== Segment start ==

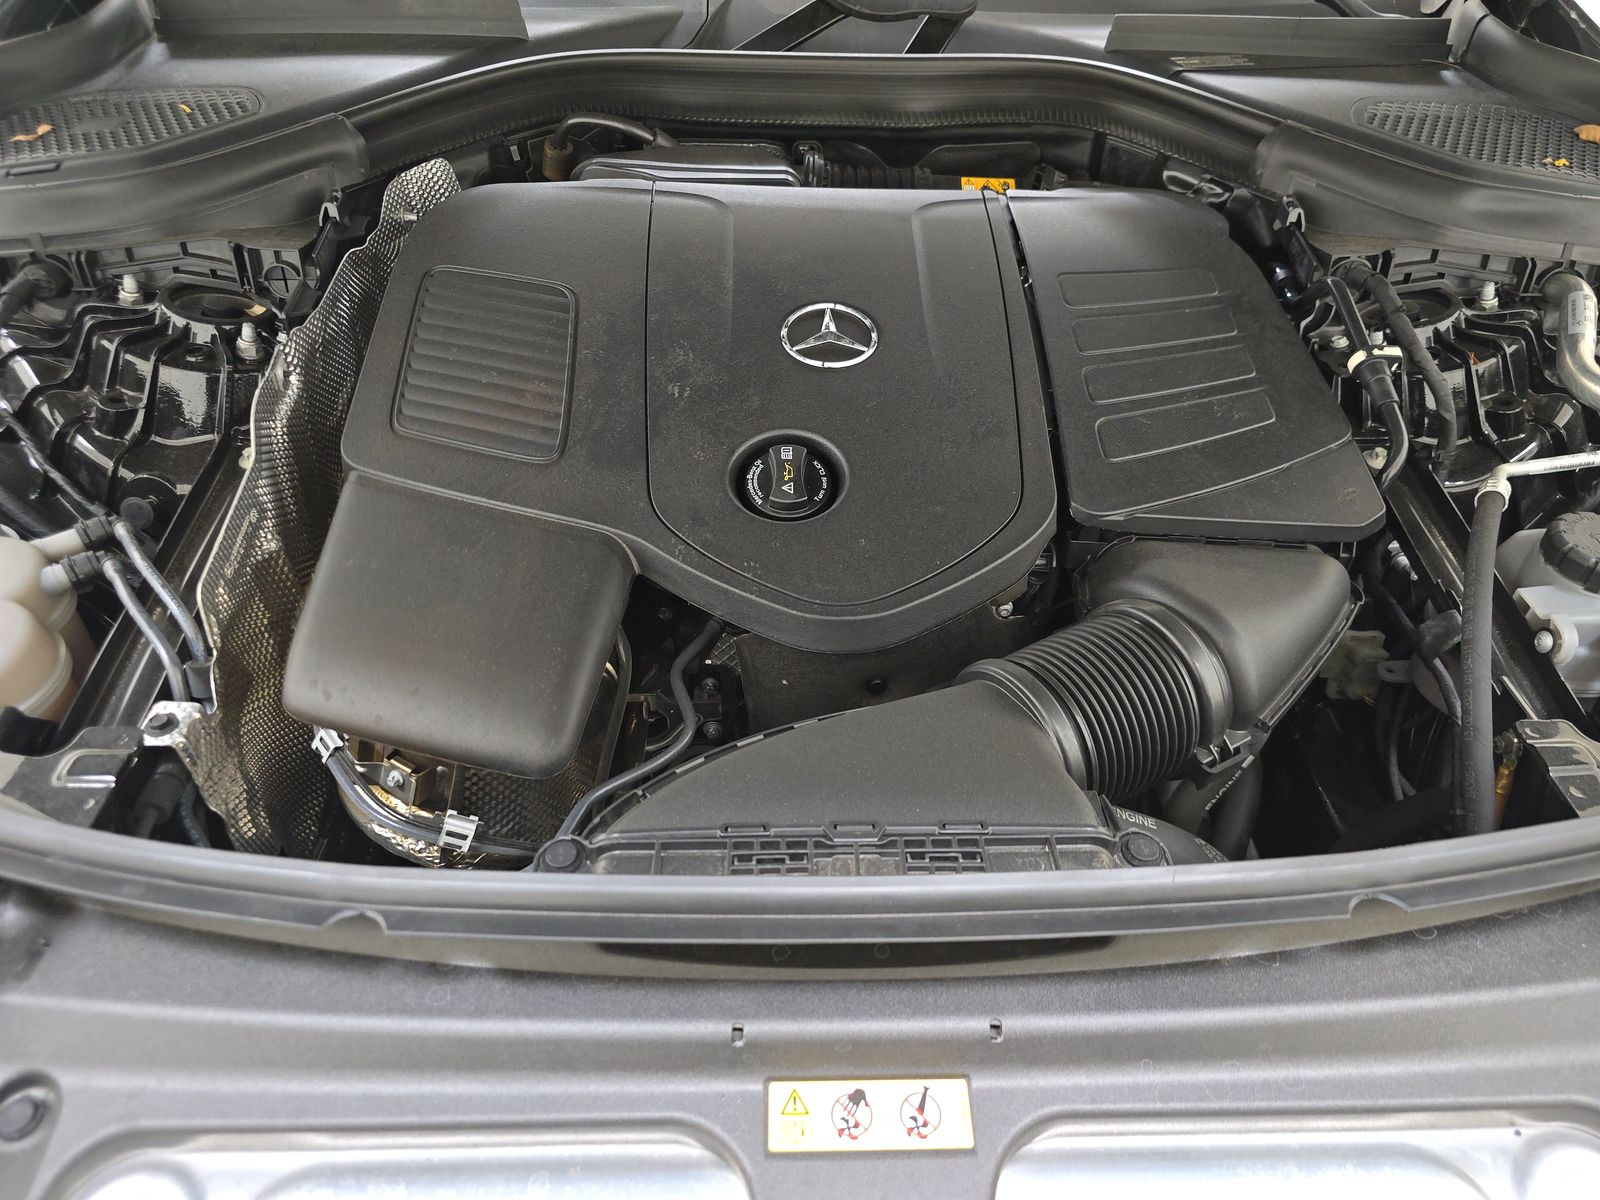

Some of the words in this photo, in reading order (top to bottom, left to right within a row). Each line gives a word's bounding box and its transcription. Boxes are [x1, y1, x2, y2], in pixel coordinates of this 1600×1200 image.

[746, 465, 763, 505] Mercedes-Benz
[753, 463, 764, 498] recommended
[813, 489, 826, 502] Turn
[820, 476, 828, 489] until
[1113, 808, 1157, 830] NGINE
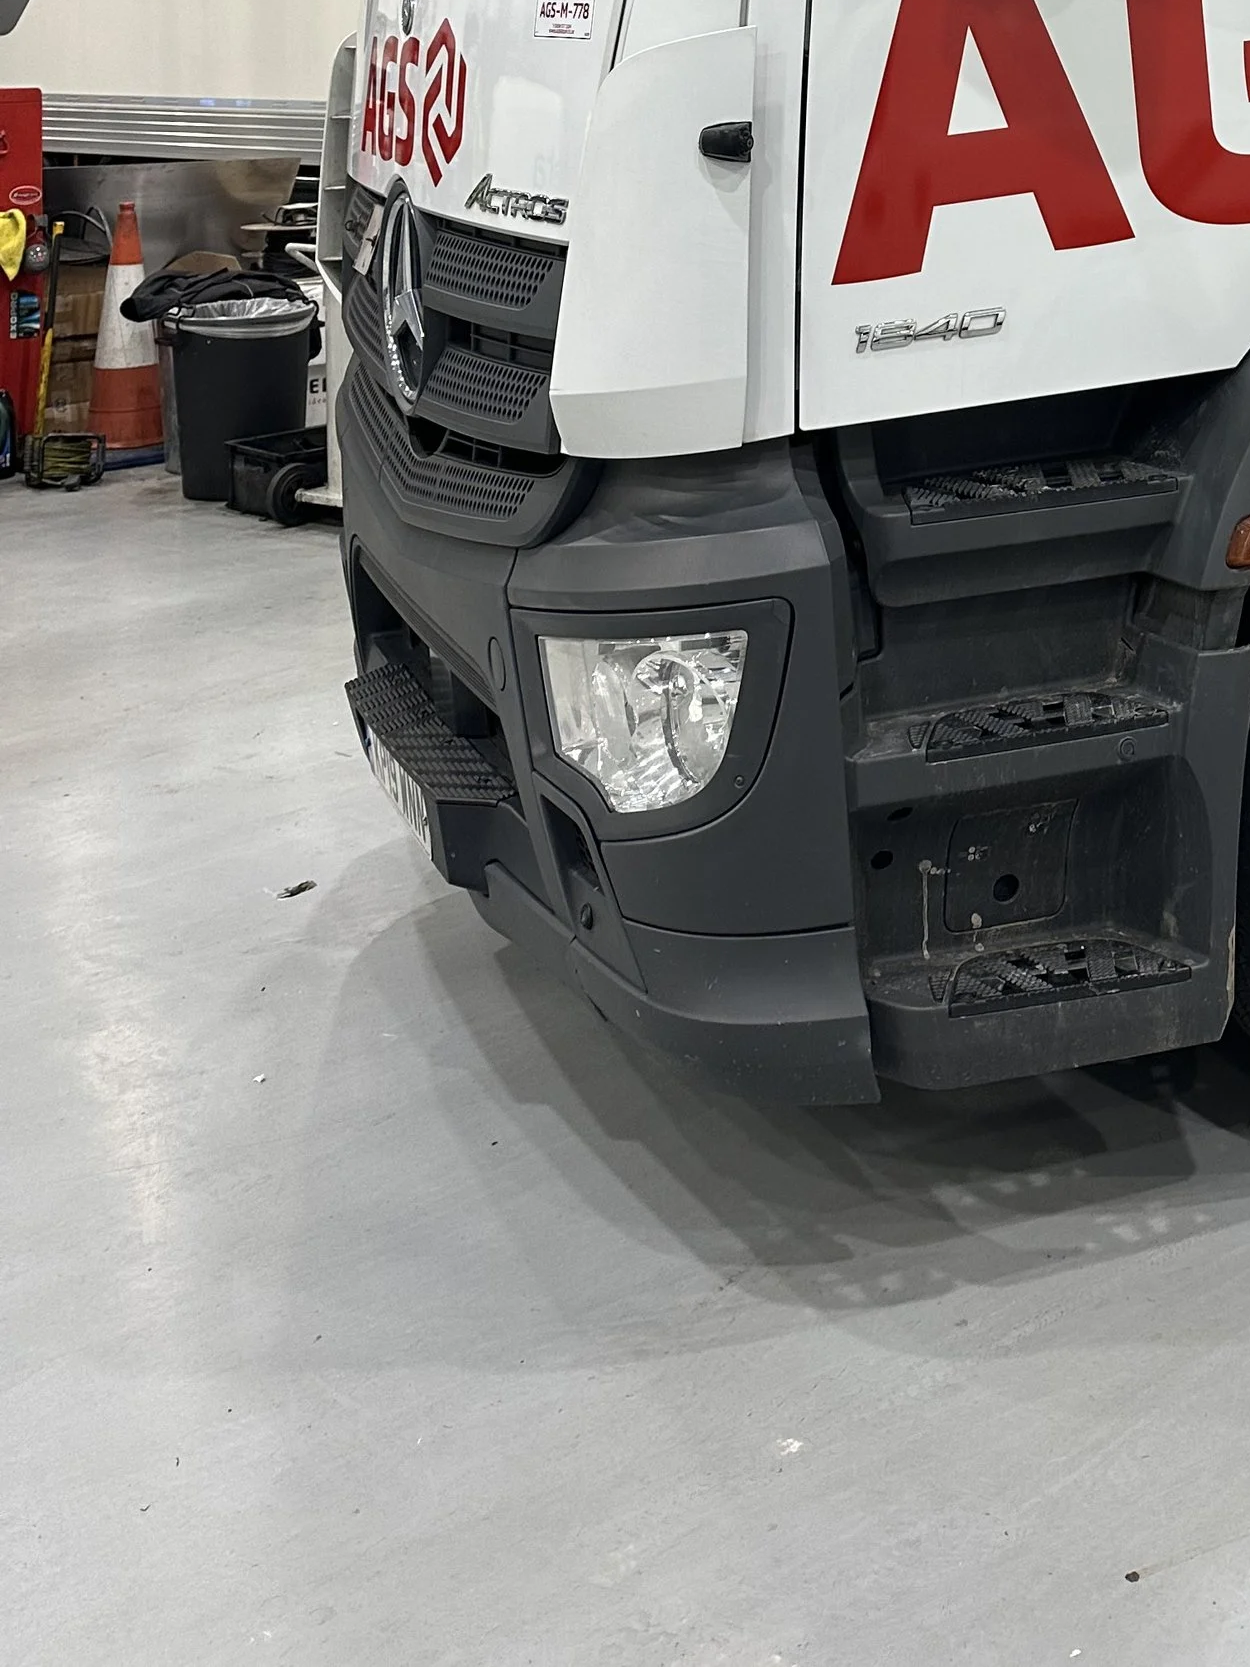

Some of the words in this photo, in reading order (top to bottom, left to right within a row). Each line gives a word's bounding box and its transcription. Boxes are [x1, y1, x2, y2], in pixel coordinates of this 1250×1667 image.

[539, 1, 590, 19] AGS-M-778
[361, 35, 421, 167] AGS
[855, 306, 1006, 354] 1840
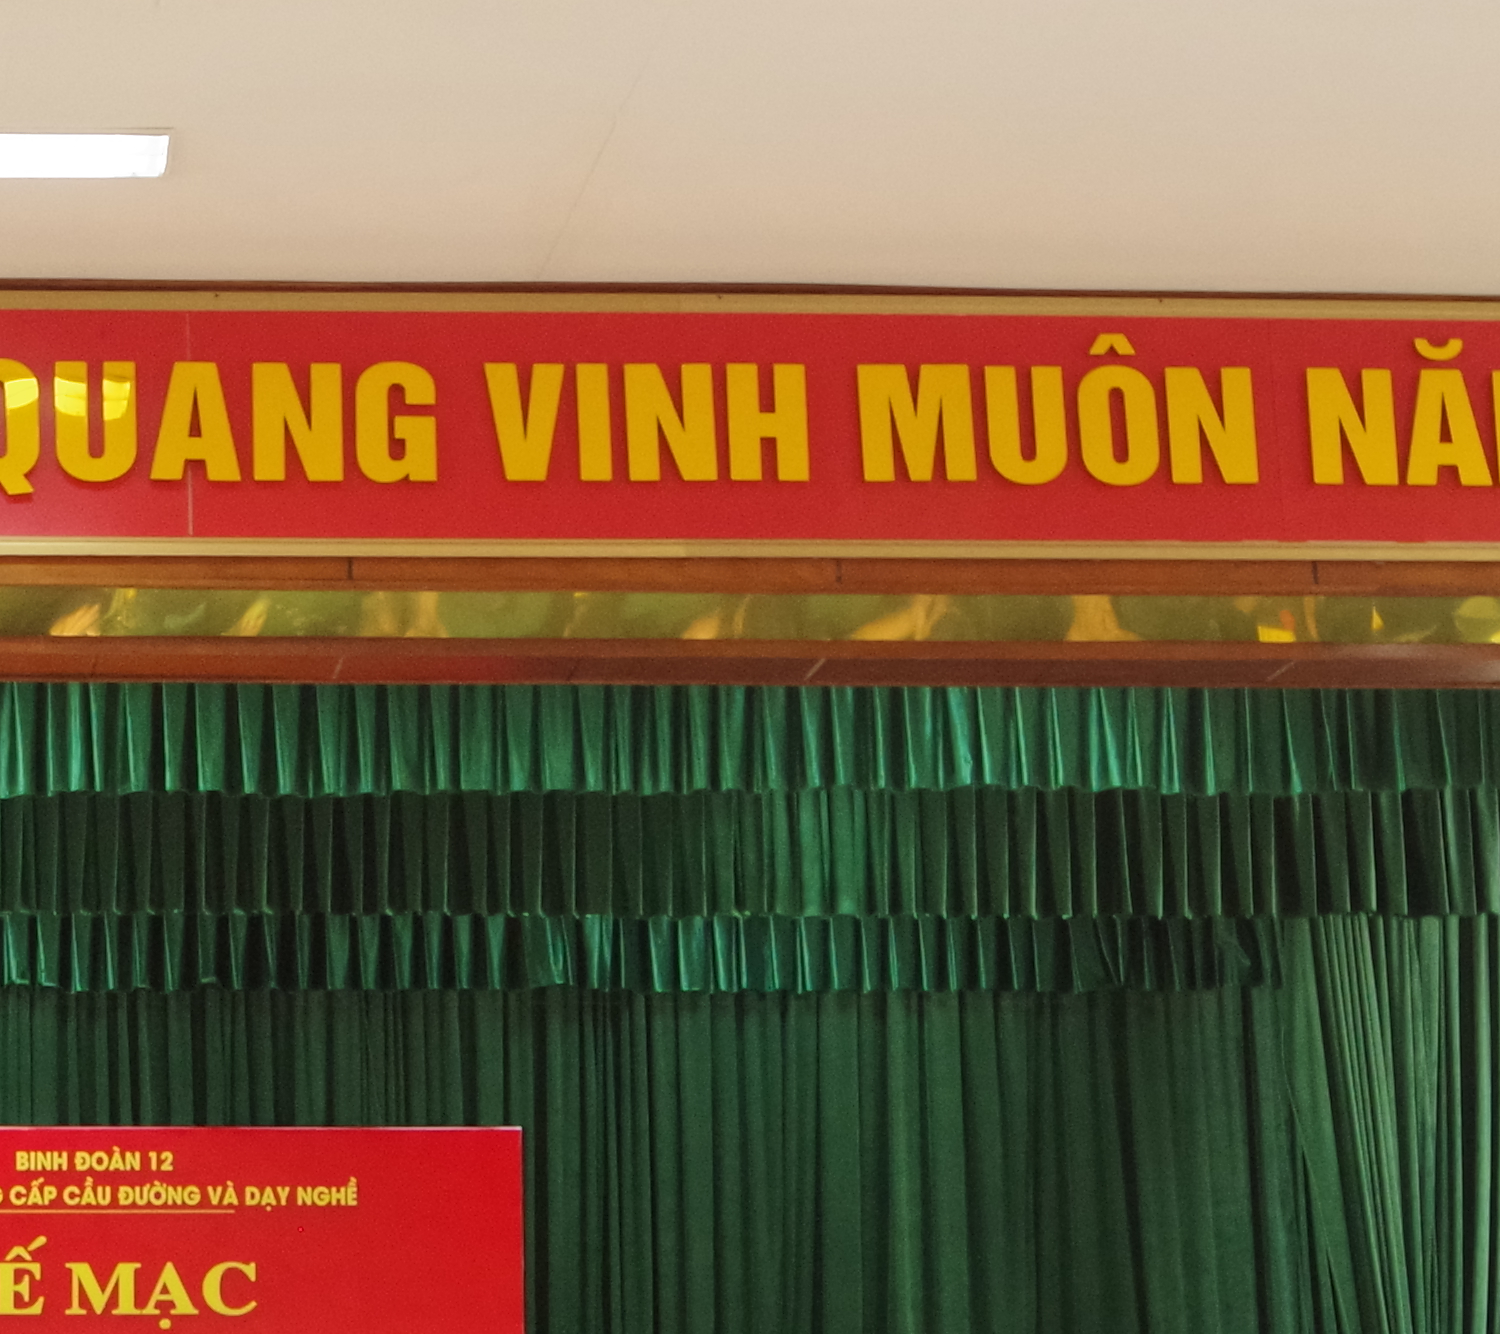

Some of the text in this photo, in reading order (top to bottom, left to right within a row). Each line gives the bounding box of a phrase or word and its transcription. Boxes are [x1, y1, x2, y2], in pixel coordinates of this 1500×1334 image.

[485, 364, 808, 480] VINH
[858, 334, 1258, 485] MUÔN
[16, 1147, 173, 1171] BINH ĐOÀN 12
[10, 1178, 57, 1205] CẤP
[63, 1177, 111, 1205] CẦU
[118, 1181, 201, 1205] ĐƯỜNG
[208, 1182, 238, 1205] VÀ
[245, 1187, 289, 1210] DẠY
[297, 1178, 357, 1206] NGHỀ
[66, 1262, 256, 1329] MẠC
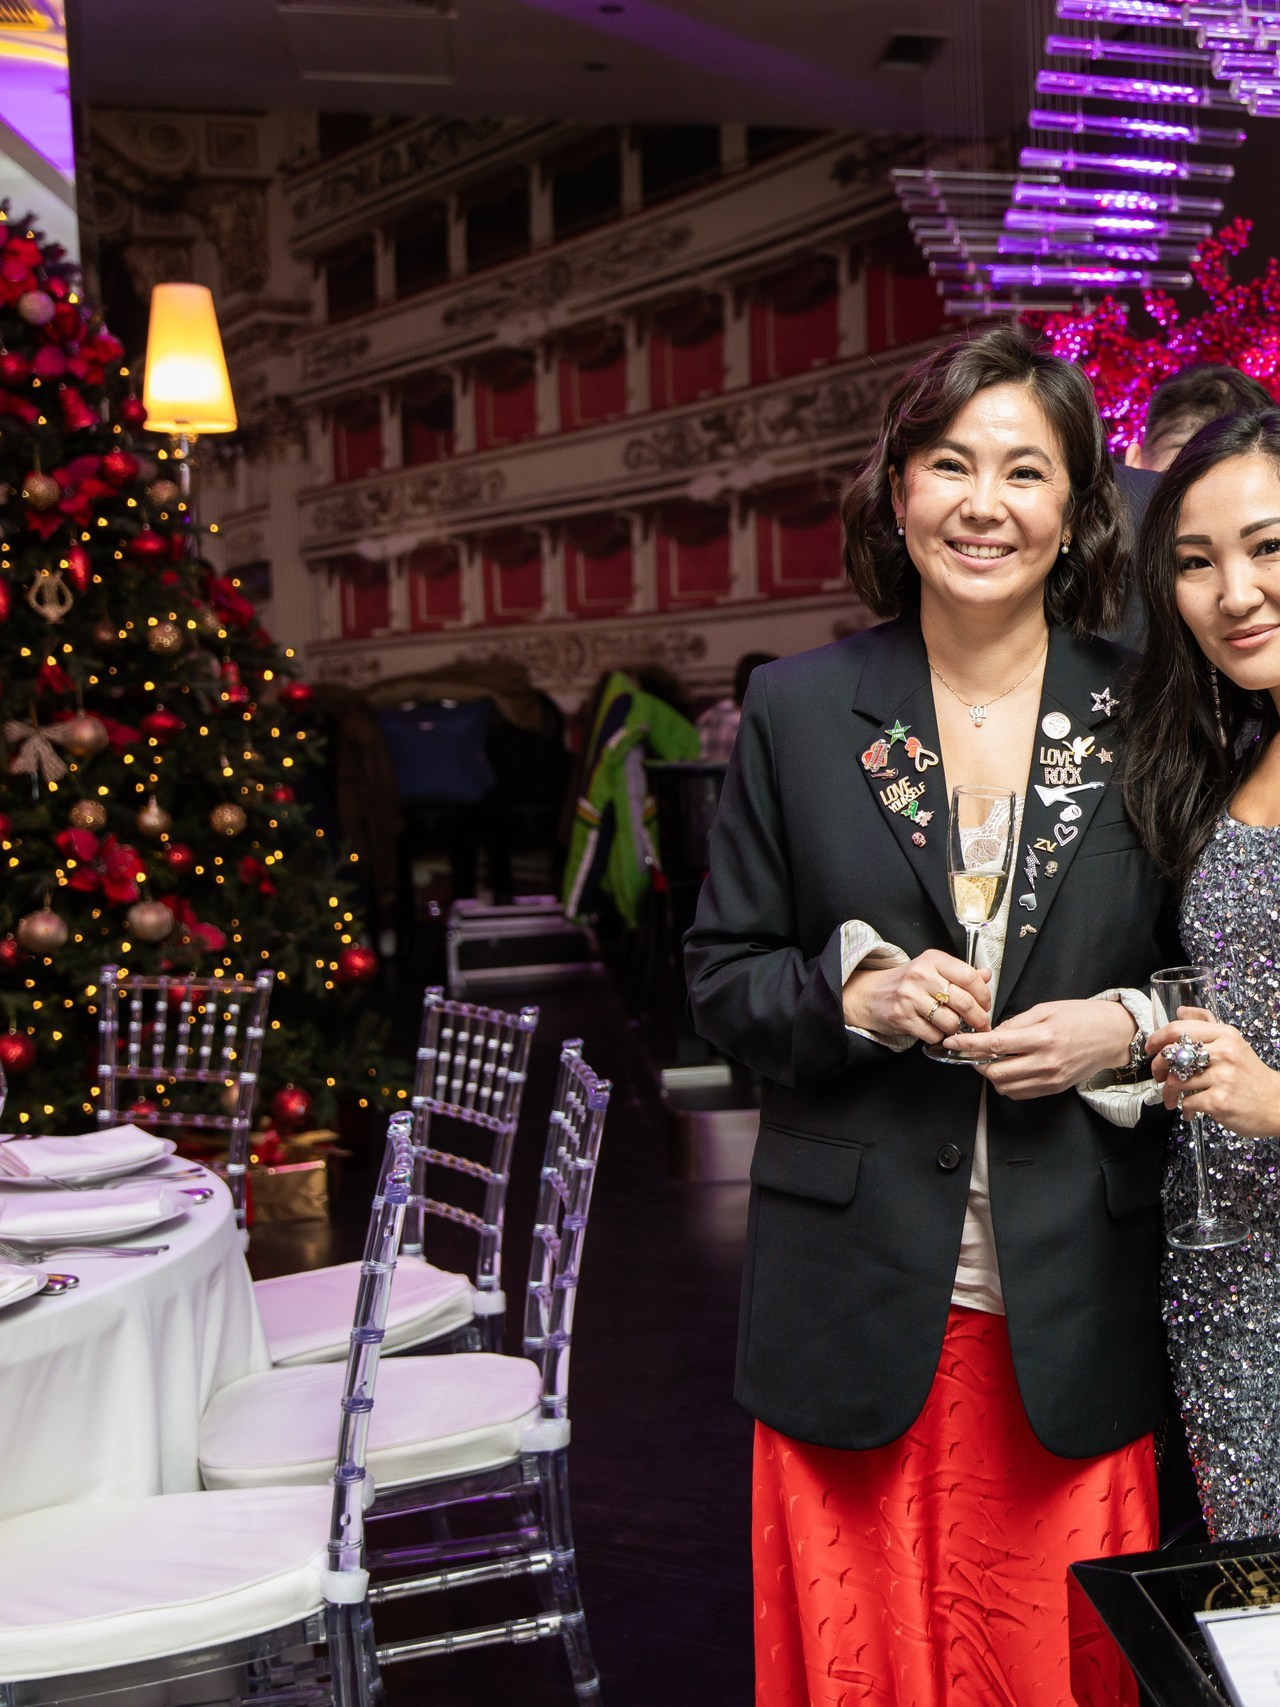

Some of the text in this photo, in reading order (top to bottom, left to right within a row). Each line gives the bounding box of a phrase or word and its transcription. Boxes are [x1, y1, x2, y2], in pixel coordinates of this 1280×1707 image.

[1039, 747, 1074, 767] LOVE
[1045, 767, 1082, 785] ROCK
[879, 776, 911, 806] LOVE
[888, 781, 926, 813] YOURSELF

== Segment end ==

WHAT THE EXERCISE ASKS | Return the listing above word for word. Keep the images out.

EXPECTED ANSWER |
Some of the words in this photo, in reading order (top to bottom, left to right within a row). Each line gives a word's bounding box and its transcription. Boxes are [x1, y1, x2, y2], in pixel coordinates of this 1600×1200 image.

[746, 465, 763, 505] Mercedes-Benz
[753, 463, 764, 498] recommended
[813, 489, 826, 502] Turn
[820, 476, 828, 489] until
[1113, 808, 1157, 830] NGINE

Some of the words in this photo, in reading order (top to bottom, left to right within a row). Each line gives a word's bounding box and its transcription. Boxes are [x1, y1, x2, y2], in pixel coordinates of this 1250×1667 image.

[539, 1, 590, 19] AGS-M-778
[361, 35, 421, 167] AGS
[855, 306, 1006, 354] 1840

Some of the text in this photo, in reading order (top to bottom, left to right within a row). Each line gives the bounding box of a phrase or word and its transcription. Boxes are [x1, y1, x2, y2], in pixel coordinates of this 1500×1334 image.

[485, 364, 808, 480] VINH
[858, 334, 1258, 485] MUÔN
[16, 1147, 173, 1171] BINH ĐOÀN 12
[10, 1178, 57, 1205] CẤP
[63, 1177, 111, 1205] CẦU
[118, 1181, 201, 1205] ĐƯỜNG
[208, 1182, 238, 1205] VÀ
[245, 1187, 289, 1210] DẠY
[297, 1178, 357, 1206] NGHỀ
[66, 1262, 256, 1329] MẠC

Some of the text in this photo, in reading order (top to bottom, left to right within a row). Each line gives the bounding box of a phrase or word and its transcription. Boxes are [x1, y1, x2, y2], in pixel coordinates of this 1280×1707 image.

[1039, 747, 1074, 767] LOVE
[1045, 767, 1082, 785] ROCK
[879, 776, 911, 806] LOVE
[888, 781, 926, 813] YOURSELF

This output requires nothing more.